─── RECORDS SUPPLIED ───
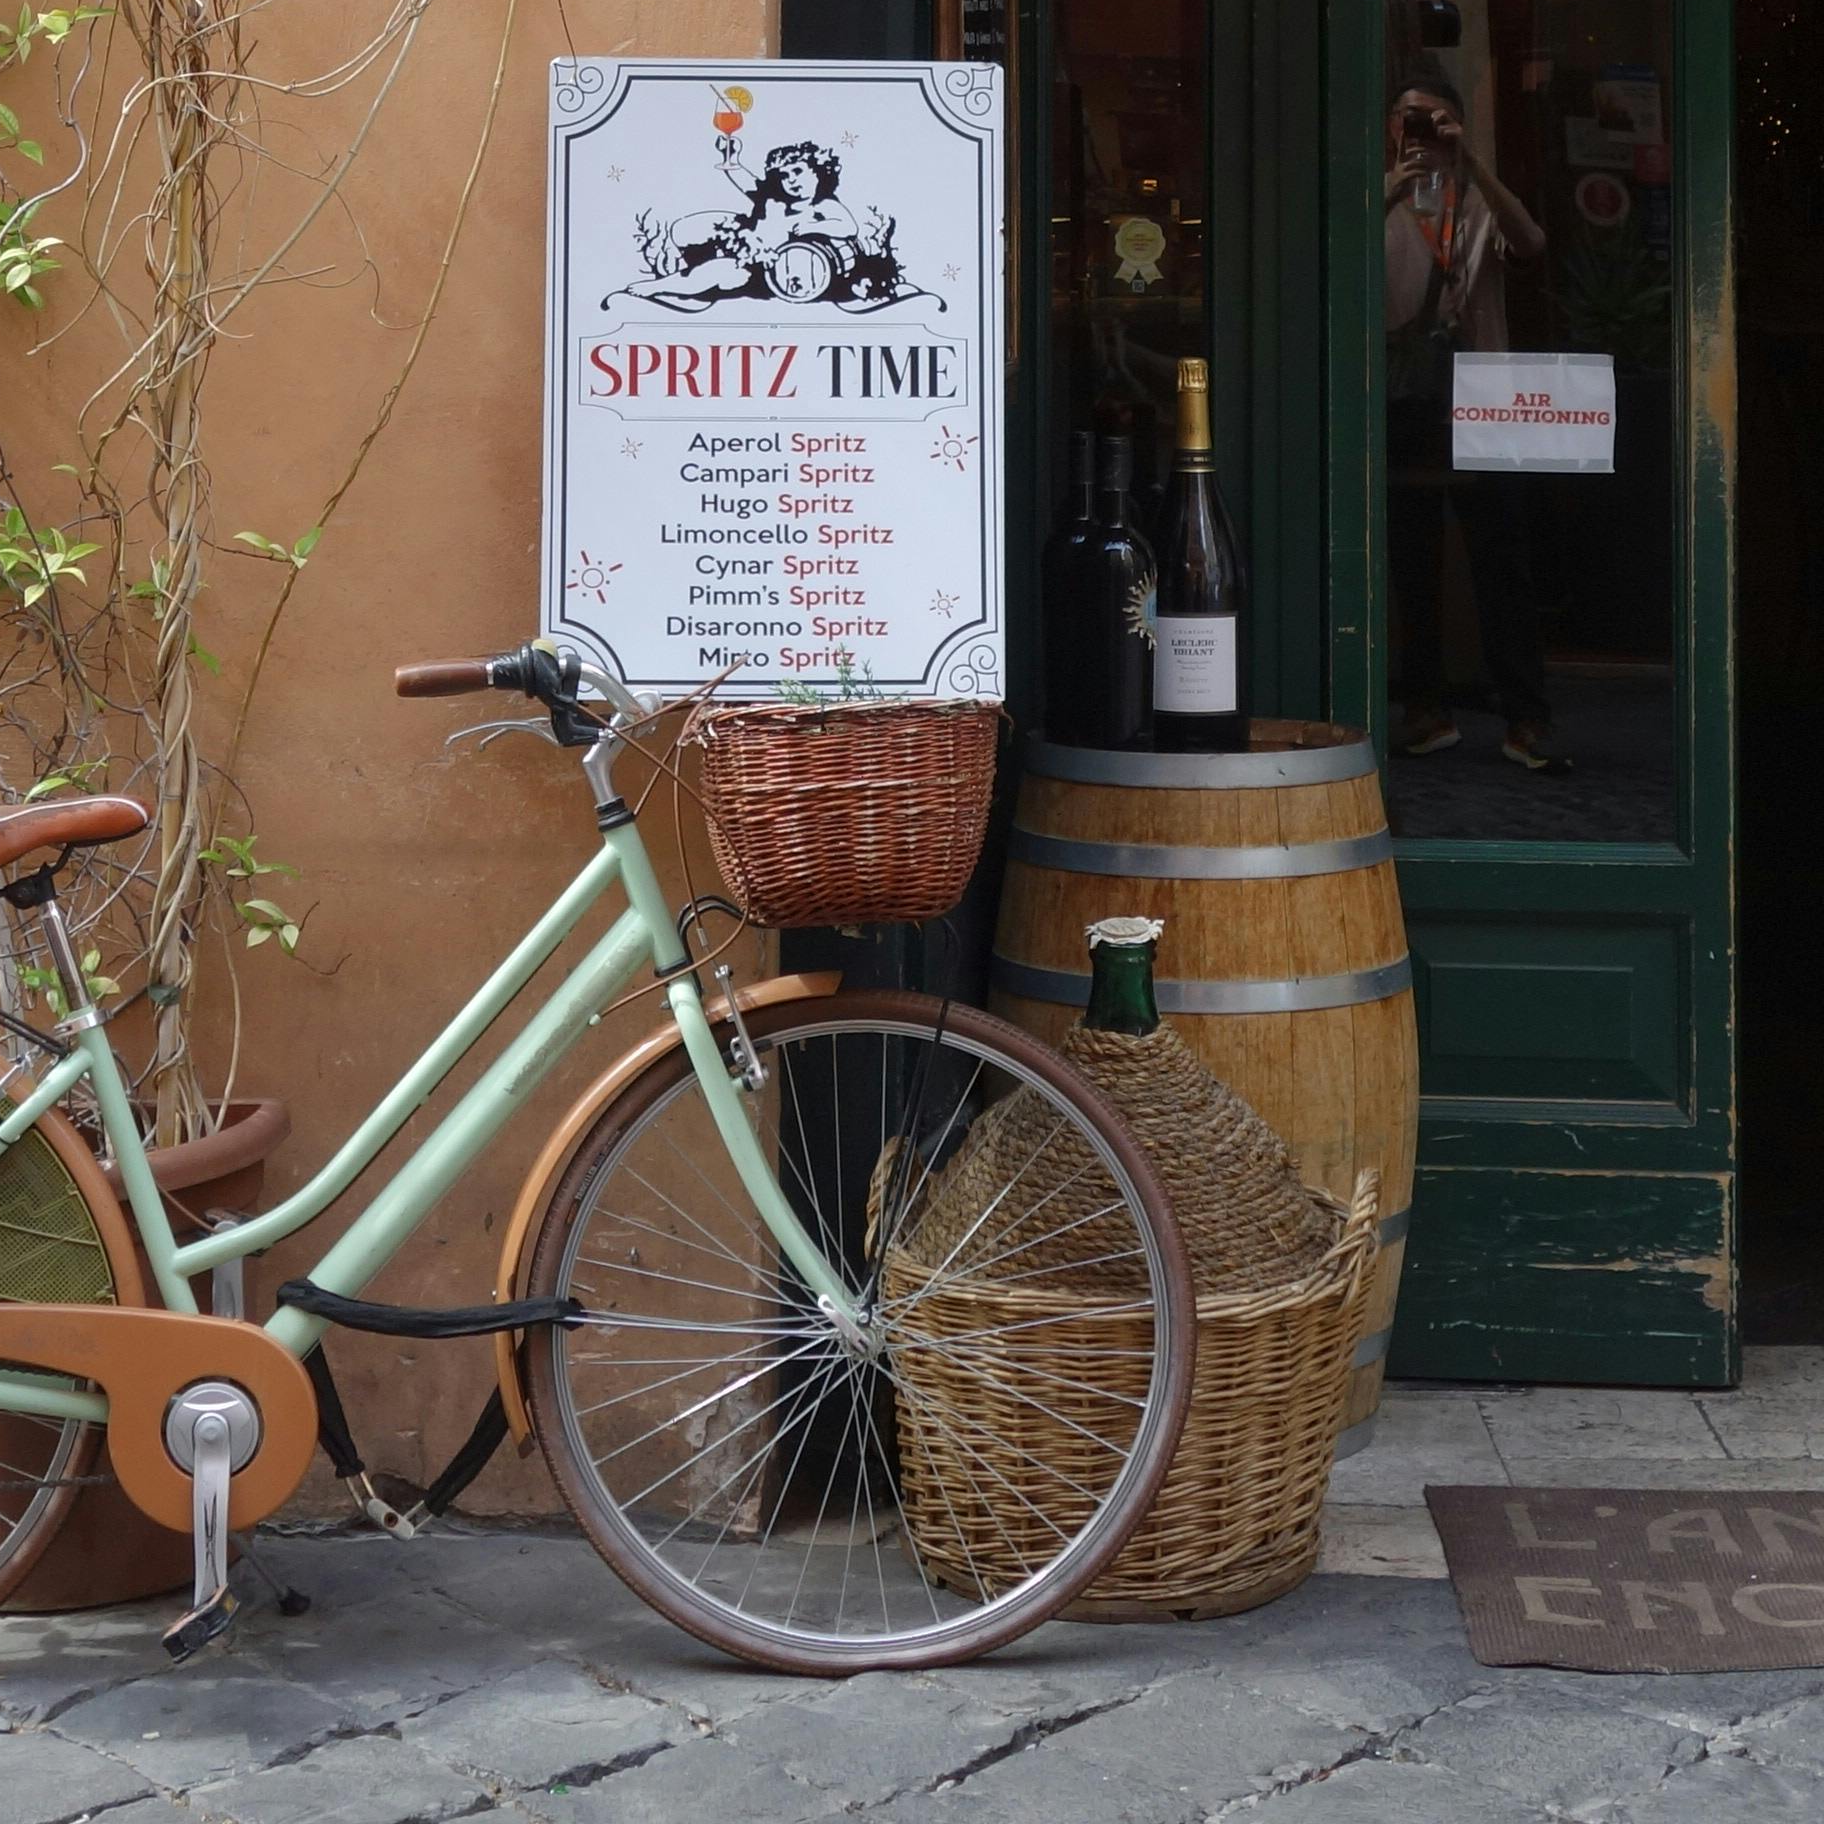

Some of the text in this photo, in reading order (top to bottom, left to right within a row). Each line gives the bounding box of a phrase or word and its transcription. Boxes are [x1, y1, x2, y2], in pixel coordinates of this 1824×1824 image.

[590, 344, 958, 399] SPRITZ TIME
[1512, 392, 1552, 407] AIR
[1454, 407, 1610, 425] CONDITIONING
[688, 433, 866, 458] Aperol Spritz
[680, 463, 874, 488] Campari Spritz
[701, 494, 853, 519] Hugo Spritz
[661, 524, 893, 549] Limoncello Spritz
[695, 555, 859, 580] Cynar Spritz
[689, 585, 865, 611] Pimm's Spritz
[667, 616, 888, 641] Disaronno Spritz
[699, 647, 856, 672] Mirto Spritz
───
Print all of the entries word for word. Skip any images they contain.

> ANSWER FOR THE TASK
Some of the text in this photo, in reading order (top to bottom, left to right within a row). Each line gives the bounding box of a phrase or word and its transcription. Boxes are [x1, y1, x2, y2], in pixel coordinates of this 1824×1824 image.

[590, 344, 958, 399] SPRITZ TIME
[1512, 392, 1552, 407] AIR
[1454, 407, 1610, 425] CONDITIONING
[688, 433, 866, 458] Aperol Spritz
[680, 463, 874, 488] Campari Spritz
[701, 494, 853, 519] Hugo Spritz
[661, 524, 893, 549] Limoncello Spritz
[695, 555, 859, 580] Cynar Spritz
[689, 585, 865, 611] Pimm's Spritz
[667, 616, 888, 641] Disaronno Spritz
[699, 647, 856, 672] Mirto Spritz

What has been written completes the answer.